The post includes a Python-code outline of the algorithm:
def find(s, p):
# find first occurrence of p in s
n = len(s)
m = len(p)
skip = delta1(p)[p[m-1]]
i = 0
while i <= n-m:
if s[i+m-1] == p[m-1]: # (boyer-moore)
# potential match
if s[i:i+m-1] == p[:m-1]:
return i
if s[i+m] not in p:
i = i + m + 1 # (sunday)
else:
i = i + skip # (horspool)
else:
# skip
if s[i+m] not in p:
i = i + m + 1 # (sunday)
else:
i = i + 1
return -1 # not found
as well as speed comparisons.
In Python 3.10, the algorithm was updated to use an enhanced version of the Crochemore and Perrin's Two-Way string searching algorithm for larger problems (with p and s longer than 100 and 2100 characters, respectively, with s at least 6 times as long as p), in response to a pathological edgecase someone reported. The commit adding this change included a write-up on how the algorithm works.
The Two-way algorithm has a worst-case time complexity of O(N + M), where O(M) is a cost paid up-front to build a shift table from the s search needle. Once you have that table, this algorithm does have a best-case performance of O(N/M).
In Python 3.4.2, it looks like they are resorting to the same function, but there may be a difference in timing nevertheless. For example, s.find first is required to look up the find method of the string and such.
The algorithm used is a mix between Boyer-More and Horspool.

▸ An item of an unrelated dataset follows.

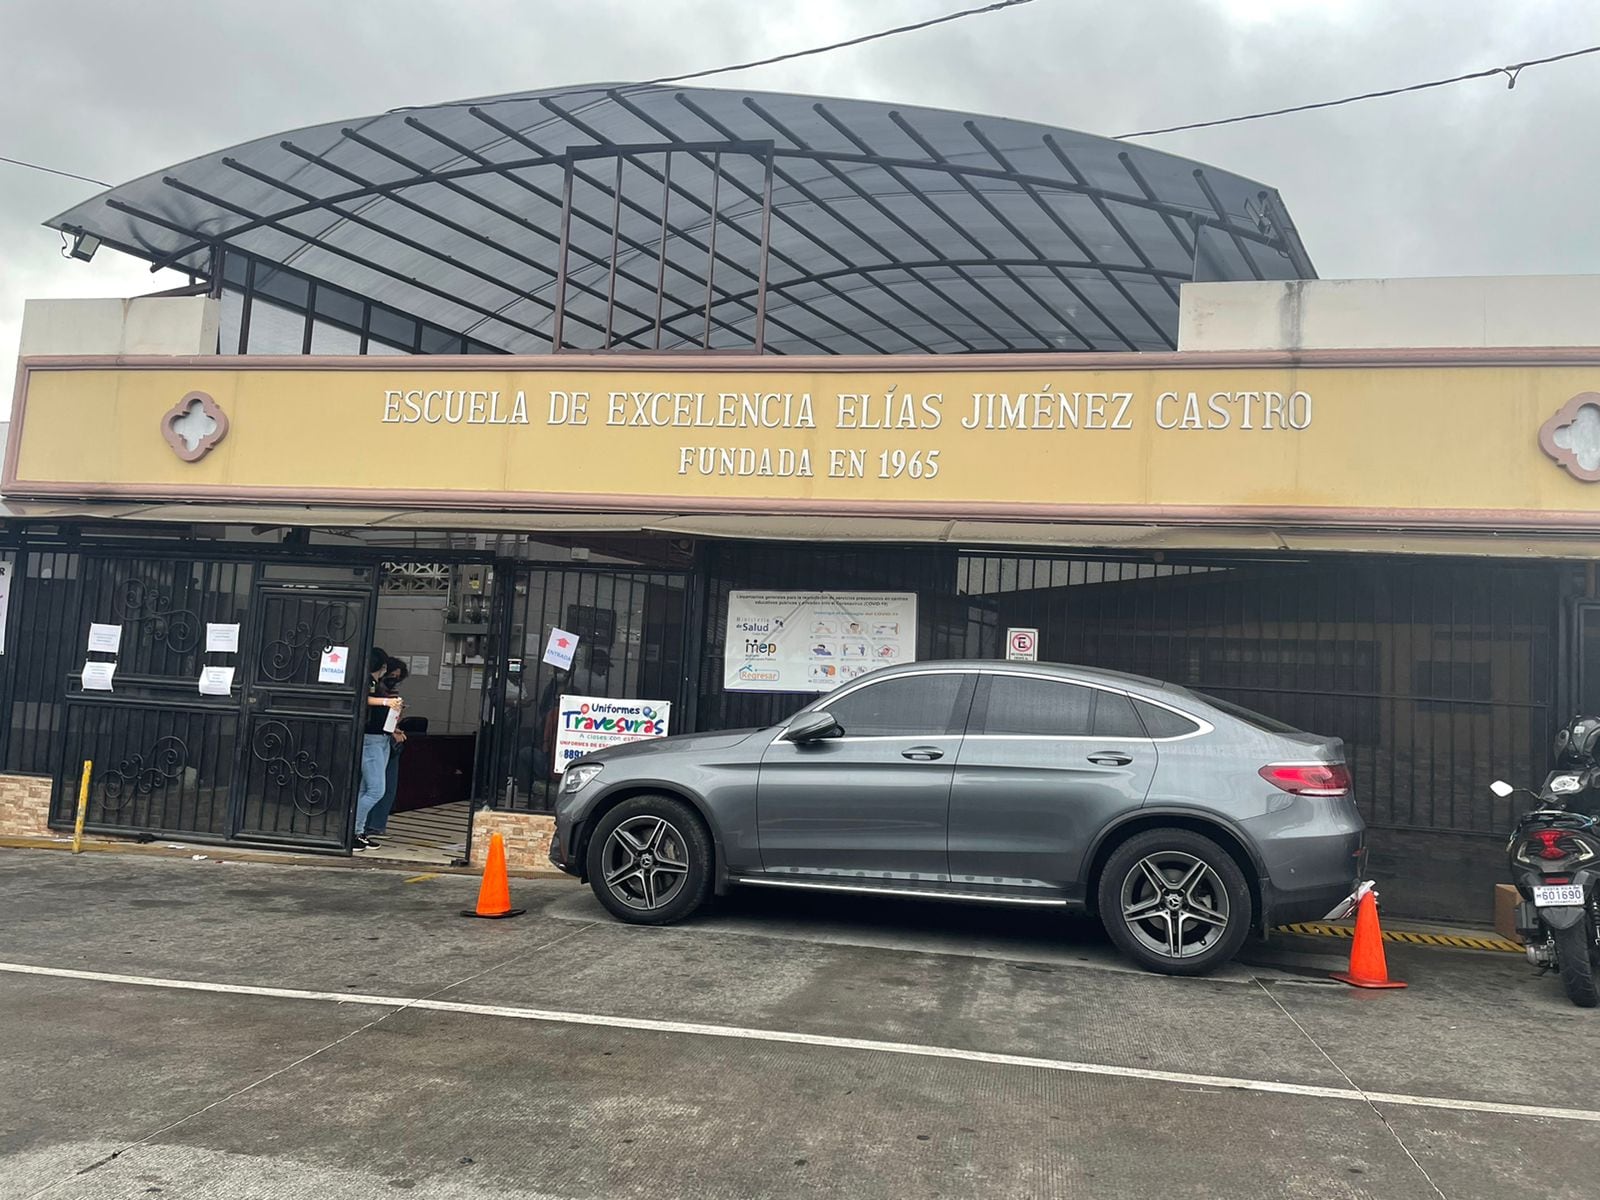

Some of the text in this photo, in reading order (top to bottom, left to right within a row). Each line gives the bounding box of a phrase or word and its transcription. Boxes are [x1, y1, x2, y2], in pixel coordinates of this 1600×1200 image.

You can use timeit and test it yourself:
maroun#DQHCPY1:~$ python -m timeit 's = "apple";s.find("pl")'
10000000 loops, best of 3: 0.125 usec per loop
maroun#DQHCPY1:~$ python -m timeit 's = "apple";"pl" in s'
10000000 loops, best of 3: 0.0371 usec per loop
Using in is indeed faster (0.0371 usec compared to 0.125 usec).
For actual implementation, you can look at the code itself.
I think the best way to find out is to look at the source. This looks like it would implement __contains__:
static int
bytes_contains(PyObject *self, PyObject *arg)
{
Py_ssize_t ival = PyNumber_AsSsize_t(arg, PyExc_ValueError);
if (ival == -1 && PyErr_Occurred()) {
Py_buffer varg;
Py_ssize_t pos;
PyErr_Clear();
if (PyObject_GetBuffer(arg, &varg, PyBUF_SIMPLE) != 0)
return -1;
pos = stringlib_find(PyBytes_AS_STRING(self), Py_SIZE(self),
varg.buf, varg.len, 0);
PyBuffer_Release(&varg);
return pos >= 0;
}
if (ival < 0 || ival >= 256) {
PyErr_SetString(PyExc_ValueError, "byte must be in range(0, 256)");
return -1;
}
return memchr(PyBytes_AS_STRING(self), (int) ival, Py_SIZE(self)) != NULL;
}
in terms of stringlib_find(), which uses fastsearch().